A phase III trial of personalized chemotherapy based on serum tumor marker decline in poor-prognosis germ-cell tumors: Results of GETUG 13.

Abstract

LBA4500 Background: Poor-prognosis GCT (IGCCCG, J Clin Oncol 1997) remains a challenge with no improvement in the 50% survival demonstrated in phase III trials for 25 years. Day 21 serum tumor marker decline rate identified a subgroup of patients (pts) with a better outcome (J Clin Oncol 2004, 22: 3868-76). The hypothesis we tested in this study is that treatment allocation based on early tumor marker decline will improve the progression-free survival (PFS).
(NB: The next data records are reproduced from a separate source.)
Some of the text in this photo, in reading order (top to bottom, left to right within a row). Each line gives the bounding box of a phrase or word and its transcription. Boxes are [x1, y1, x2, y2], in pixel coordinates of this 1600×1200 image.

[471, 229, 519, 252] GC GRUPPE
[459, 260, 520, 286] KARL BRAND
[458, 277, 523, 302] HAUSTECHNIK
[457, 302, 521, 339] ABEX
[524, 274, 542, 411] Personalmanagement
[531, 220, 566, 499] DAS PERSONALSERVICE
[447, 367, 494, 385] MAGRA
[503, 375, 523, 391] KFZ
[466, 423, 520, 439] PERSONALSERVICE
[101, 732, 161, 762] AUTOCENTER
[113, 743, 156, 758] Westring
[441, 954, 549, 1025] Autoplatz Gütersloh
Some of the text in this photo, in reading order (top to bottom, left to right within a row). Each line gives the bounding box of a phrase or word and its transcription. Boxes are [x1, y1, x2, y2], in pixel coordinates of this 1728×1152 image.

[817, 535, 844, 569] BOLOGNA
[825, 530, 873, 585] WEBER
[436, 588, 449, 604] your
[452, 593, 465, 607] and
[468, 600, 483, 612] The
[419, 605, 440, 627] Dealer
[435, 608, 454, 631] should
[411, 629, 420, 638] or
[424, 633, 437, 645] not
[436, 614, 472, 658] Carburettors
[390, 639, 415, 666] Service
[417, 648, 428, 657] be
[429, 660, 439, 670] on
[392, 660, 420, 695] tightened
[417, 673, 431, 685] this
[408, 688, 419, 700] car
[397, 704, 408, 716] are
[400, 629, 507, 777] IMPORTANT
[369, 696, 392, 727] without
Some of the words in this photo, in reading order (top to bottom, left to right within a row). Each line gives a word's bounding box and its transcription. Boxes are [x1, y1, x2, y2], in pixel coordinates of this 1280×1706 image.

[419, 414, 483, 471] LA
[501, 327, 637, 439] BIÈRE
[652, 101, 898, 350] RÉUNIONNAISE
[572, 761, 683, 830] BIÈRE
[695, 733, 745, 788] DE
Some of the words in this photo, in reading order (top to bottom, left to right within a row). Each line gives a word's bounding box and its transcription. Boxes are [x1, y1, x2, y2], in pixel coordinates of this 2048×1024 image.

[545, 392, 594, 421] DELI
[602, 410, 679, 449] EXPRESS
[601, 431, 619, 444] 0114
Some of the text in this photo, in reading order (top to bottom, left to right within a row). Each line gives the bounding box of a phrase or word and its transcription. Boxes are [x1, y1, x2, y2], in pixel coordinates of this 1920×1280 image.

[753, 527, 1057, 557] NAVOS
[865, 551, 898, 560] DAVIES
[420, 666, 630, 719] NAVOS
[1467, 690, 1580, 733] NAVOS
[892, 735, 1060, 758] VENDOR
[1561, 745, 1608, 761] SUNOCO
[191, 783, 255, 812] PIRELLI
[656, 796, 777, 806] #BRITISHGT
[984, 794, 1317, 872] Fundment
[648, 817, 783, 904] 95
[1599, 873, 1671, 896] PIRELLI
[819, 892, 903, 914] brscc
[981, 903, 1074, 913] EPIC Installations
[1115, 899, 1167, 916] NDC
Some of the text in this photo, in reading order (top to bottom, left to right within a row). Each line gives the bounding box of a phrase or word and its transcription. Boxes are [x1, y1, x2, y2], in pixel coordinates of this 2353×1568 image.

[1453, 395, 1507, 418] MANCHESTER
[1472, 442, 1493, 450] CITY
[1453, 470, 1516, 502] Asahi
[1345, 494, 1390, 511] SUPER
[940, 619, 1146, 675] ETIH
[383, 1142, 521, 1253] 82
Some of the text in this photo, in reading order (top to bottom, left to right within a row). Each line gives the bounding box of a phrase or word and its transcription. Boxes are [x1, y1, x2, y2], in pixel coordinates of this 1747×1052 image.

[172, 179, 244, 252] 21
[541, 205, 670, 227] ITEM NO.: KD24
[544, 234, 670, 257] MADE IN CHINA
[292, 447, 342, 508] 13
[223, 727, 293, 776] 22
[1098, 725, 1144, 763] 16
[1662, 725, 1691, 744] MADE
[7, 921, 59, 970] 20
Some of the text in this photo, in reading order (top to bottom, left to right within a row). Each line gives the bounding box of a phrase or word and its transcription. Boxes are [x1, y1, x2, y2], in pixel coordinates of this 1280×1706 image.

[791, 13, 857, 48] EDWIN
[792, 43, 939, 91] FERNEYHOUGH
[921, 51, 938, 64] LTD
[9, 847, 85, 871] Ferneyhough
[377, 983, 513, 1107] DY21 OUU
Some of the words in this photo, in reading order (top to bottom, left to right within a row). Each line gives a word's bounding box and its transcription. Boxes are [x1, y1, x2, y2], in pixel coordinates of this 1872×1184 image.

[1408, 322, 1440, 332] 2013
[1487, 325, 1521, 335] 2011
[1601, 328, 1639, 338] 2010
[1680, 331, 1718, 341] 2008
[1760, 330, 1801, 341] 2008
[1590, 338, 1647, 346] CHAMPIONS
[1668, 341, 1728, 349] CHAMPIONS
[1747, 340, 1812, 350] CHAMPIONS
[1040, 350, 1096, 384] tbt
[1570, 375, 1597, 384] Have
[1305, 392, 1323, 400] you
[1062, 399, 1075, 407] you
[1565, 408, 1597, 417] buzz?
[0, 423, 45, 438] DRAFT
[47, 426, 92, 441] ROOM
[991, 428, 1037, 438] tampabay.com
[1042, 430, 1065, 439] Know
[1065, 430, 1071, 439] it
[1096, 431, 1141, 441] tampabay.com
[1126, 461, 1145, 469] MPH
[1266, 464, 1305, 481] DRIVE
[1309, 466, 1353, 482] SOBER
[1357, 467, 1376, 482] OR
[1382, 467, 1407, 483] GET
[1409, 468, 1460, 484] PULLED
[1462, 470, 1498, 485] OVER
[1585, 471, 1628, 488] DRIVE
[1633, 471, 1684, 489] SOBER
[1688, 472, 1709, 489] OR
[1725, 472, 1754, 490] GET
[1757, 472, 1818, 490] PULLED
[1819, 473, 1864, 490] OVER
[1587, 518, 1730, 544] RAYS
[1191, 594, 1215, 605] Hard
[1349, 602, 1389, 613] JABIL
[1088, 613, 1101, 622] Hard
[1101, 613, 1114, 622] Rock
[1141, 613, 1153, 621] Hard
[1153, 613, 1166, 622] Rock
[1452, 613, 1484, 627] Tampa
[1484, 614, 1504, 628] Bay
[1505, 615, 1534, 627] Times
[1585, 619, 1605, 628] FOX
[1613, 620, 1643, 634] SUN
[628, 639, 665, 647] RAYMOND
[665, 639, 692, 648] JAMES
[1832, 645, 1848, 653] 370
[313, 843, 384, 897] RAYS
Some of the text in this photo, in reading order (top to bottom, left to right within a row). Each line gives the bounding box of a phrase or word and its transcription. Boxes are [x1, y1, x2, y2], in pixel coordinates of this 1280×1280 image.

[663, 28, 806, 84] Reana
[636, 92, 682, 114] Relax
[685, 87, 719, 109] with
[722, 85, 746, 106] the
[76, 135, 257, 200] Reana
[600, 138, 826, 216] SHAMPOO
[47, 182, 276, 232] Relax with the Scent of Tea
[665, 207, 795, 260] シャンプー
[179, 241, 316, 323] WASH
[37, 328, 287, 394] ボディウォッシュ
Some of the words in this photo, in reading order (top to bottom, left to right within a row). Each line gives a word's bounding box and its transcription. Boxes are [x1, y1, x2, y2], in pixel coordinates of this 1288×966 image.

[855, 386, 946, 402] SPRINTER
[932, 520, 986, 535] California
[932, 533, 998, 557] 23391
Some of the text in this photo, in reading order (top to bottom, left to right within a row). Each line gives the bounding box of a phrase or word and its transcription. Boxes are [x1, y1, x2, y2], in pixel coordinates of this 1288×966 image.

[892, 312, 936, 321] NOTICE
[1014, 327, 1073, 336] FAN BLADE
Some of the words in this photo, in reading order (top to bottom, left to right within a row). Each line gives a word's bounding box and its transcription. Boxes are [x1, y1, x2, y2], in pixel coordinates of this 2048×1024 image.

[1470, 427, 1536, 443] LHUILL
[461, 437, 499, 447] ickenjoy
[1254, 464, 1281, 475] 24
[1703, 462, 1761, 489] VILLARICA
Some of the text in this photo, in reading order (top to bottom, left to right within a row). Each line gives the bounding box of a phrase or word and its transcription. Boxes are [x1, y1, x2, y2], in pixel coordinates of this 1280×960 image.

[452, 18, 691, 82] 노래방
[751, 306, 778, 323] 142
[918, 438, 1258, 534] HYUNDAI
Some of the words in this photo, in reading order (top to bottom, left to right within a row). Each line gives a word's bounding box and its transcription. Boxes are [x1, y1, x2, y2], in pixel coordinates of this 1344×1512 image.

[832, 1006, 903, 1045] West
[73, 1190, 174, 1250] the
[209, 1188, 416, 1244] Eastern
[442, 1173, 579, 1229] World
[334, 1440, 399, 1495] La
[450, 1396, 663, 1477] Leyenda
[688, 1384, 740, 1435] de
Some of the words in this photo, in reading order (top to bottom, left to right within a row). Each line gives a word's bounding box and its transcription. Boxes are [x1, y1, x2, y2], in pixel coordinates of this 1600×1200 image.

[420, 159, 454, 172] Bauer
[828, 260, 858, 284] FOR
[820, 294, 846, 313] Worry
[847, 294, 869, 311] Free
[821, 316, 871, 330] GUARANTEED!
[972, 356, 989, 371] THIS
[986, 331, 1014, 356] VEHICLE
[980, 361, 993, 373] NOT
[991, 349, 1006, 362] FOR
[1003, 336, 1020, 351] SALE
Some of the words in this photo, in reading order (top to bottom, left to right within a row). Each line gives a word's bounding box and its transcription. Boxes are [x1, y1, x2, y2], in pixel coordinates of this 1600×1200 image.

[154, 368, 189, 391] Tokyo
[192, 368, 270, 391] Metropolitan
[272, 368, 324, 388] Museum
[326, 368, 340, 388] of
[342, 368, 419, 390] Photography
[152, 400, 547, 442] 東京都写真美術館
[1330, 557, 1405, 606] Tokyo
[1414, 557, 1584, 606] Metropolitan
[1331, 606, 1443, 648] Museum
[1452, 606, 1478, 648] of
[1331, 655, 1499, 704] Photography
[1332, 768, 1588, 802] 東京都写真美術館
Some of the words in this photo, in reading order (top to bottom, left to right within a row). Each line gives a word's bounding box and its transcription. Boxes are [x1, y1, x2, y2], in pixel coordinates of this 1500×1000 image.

Methods: Pts with IGCCCG poor-prognosis GCT were treated with a first cycle of BEP. AFP and hCG were assessed at day 18–21: 1) Pts with a favorable decline continued BEP for a total of 4 courses (Fav-BEP); 2) Pts with an unfavorable decline were randomized to receive either BEP (Unfav-BEP) or a dose-dense regimen (Unfav-dose-dense), consisting of paclitaxel-BEP plus day-10 oxaliplatin x 2 cycles, followed by 2 cycles of cisplatin, ifosfamide, and continuous infusion bleomycin (depending on lung function) + G-CSF. The primary endpoint was PFS (hypothesis: 20% difference, type 1 error: 5%, power 80%, 196 randomized pts needed). Results: 263 pts were enrolled and 254 were evaluable at day 21 (6 early deaths, 3 withdrawals): 51 pts (20%) had favorable tumor marker decline and 203 had unfavorable decline (randomized: 105 Unfav-dose-dense arm, 98 Unfav-BEP). The prognostic value of early tumor marker decline (Fav-BEP vs Unfav-BEP) was confirmed: 70% vs 48% for 3-year PFS (p=0.01), and 84% vs 65% for overall survival (OS) (p=0.02). The 3-year PFS was 59% in the Unfav-dose-dense arm vs 48% in the Unfav-BEP arm (p=0.05; HR: 0.66 [0.44-1.00]). 3-year OS was 73% and 65%, respectively. More ≥ grade 2 neurotoxicity (21% vs 4%) and more hematotoxicity occurred in the dose-dense arm, with no excess febrile neutropenia (17% each arm) or toxic deaths (1 each arm). Salvage high-dose chemotherapy + stem-cell transplant were required in 6% in the Unfav-dose-dense arm and 16% in the Unfav-BEP arm (p=0.01). Conclusions: An algorithm of individualized treatment intensification determined by the rate of early tumor marker decline reduces the risk of progression or death in men with poor-prognosis GCT. Clinical trial information: NCT00104676.